LISTED RECORDS:
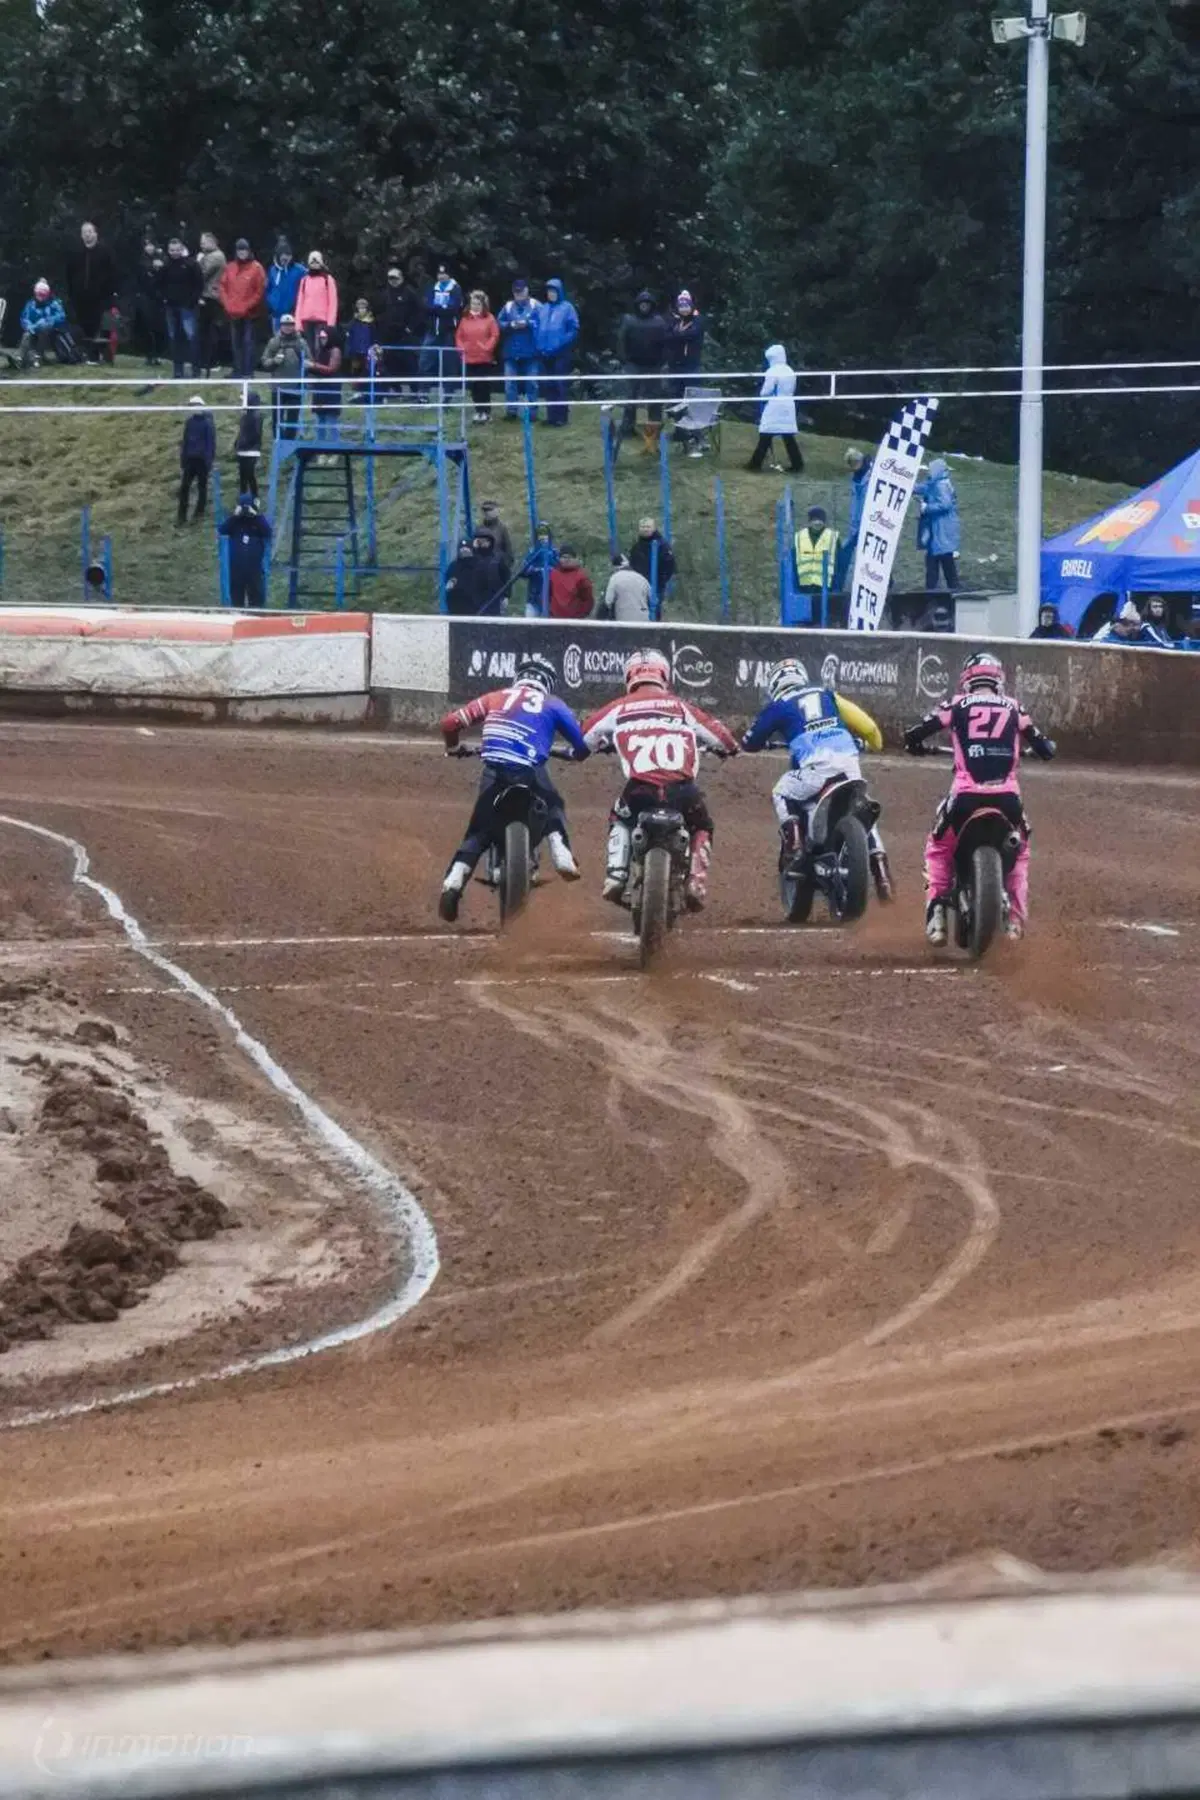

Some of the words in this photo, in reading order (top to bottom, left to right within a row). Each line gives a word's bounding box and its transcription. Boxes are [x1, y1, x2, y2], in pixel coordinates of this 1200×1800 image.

[880, 458, 914, 478] Indian
[873, 479, 907, 512] FTR
[863, 531, 888, 564] FTR
[856, 584, 878, 617] FTR
[584, 651, 626, 672] KOOPM
[501, 687, 545, 714] 73
[798, 692, 823, 722] 1
[968, 706, 1010, 739] 27
[627, 734, 685, 774] 70
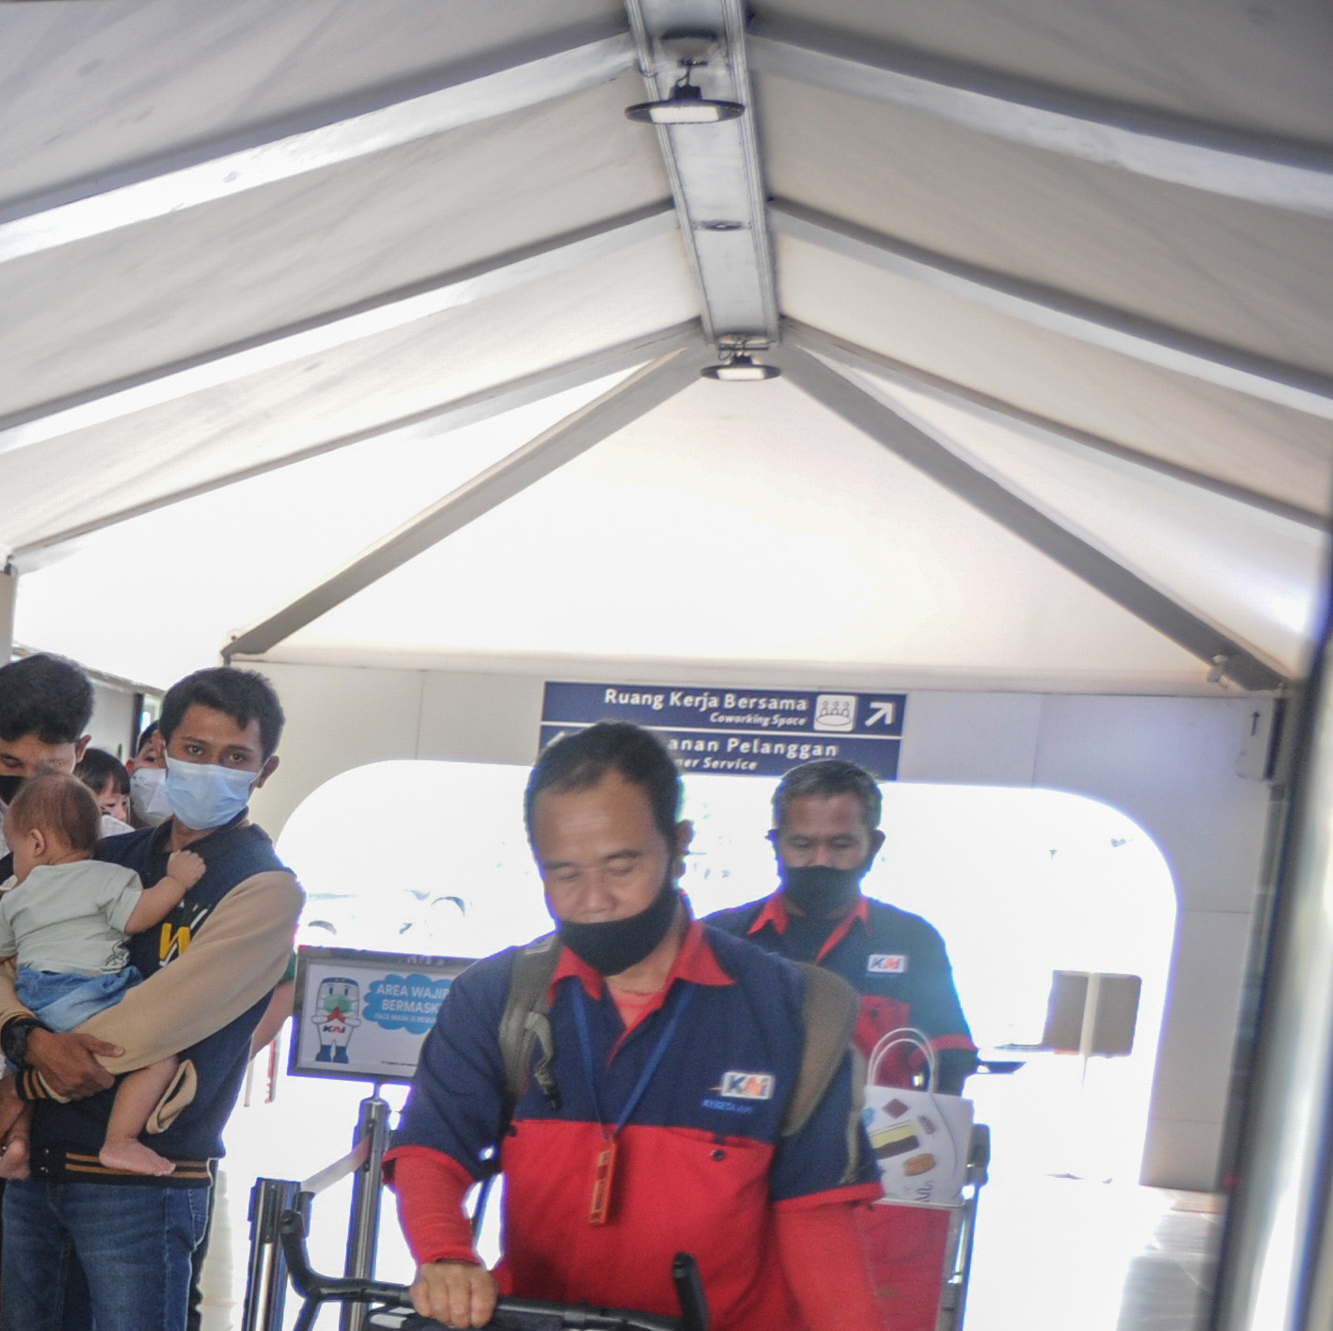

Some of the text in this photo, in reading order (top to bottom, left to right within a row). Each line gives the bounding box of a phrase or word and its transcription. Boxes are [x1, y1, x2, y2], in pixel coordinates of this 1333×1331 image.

[605, 688, 808, 712] Ruang Kerja Bersama
[710, 712, 807, 727] Coworking Space
[668, 738, 839, 760] anan Pelanggan
[703, 757, 757, 770] Service
[376, 983, 409, 997] AREA
[382, 1000, 441, 1014] BERMASK
[323, 1026, 346, 1034] KAI
[726, 1074, 771, 1097] KAI

EXERCISE OBJECTIVE: Output every record above exactly as written, but skip the pictures.

RESPONSE TO THIS EXERCISE:
Some of the words in this photo, in reading order (top to bottom, left to right within a row). Each line gives a word's bounding box and its transcription. Boxes are [x1, y1, x2, y2], in pixel coordinates of this 1200×1800 image.

[880, 458, 914, 478] Indian
[873, 479, 907, 512] FTR
[863, 531, 888, 564] FTR
[856, 584, 878, 617] FTR
[584, 651, 626, 672] KOOPM
[501, 687, 545, 714] 73
[798, 692, 823, 722] 1
[968, 706, 1010, 739] 27
[627, 734, 685, 774] 70

Some of the text in this photo, in reading order (top to bottom, left to right within a row). Each line gives the bounding box of a phrase or word and its transcription. Boxes are [x1, y1, x2, y2], in pixel coordinates of this 1333×1331 image.

[605, 688, 808, 712] Ruang Kerja Bersama
[710, 712, 807, 727] Coworking Space
[668, 738, 839, 760] anan Pelanggan
[703, 757, 757, 770] Service
[376, 983, 409, 997] AREA
[382, 1000, 441, 1014] BERMASK
[323, 1026, 346, 1034] KAI
[726, 1074, 771, 1097] KAI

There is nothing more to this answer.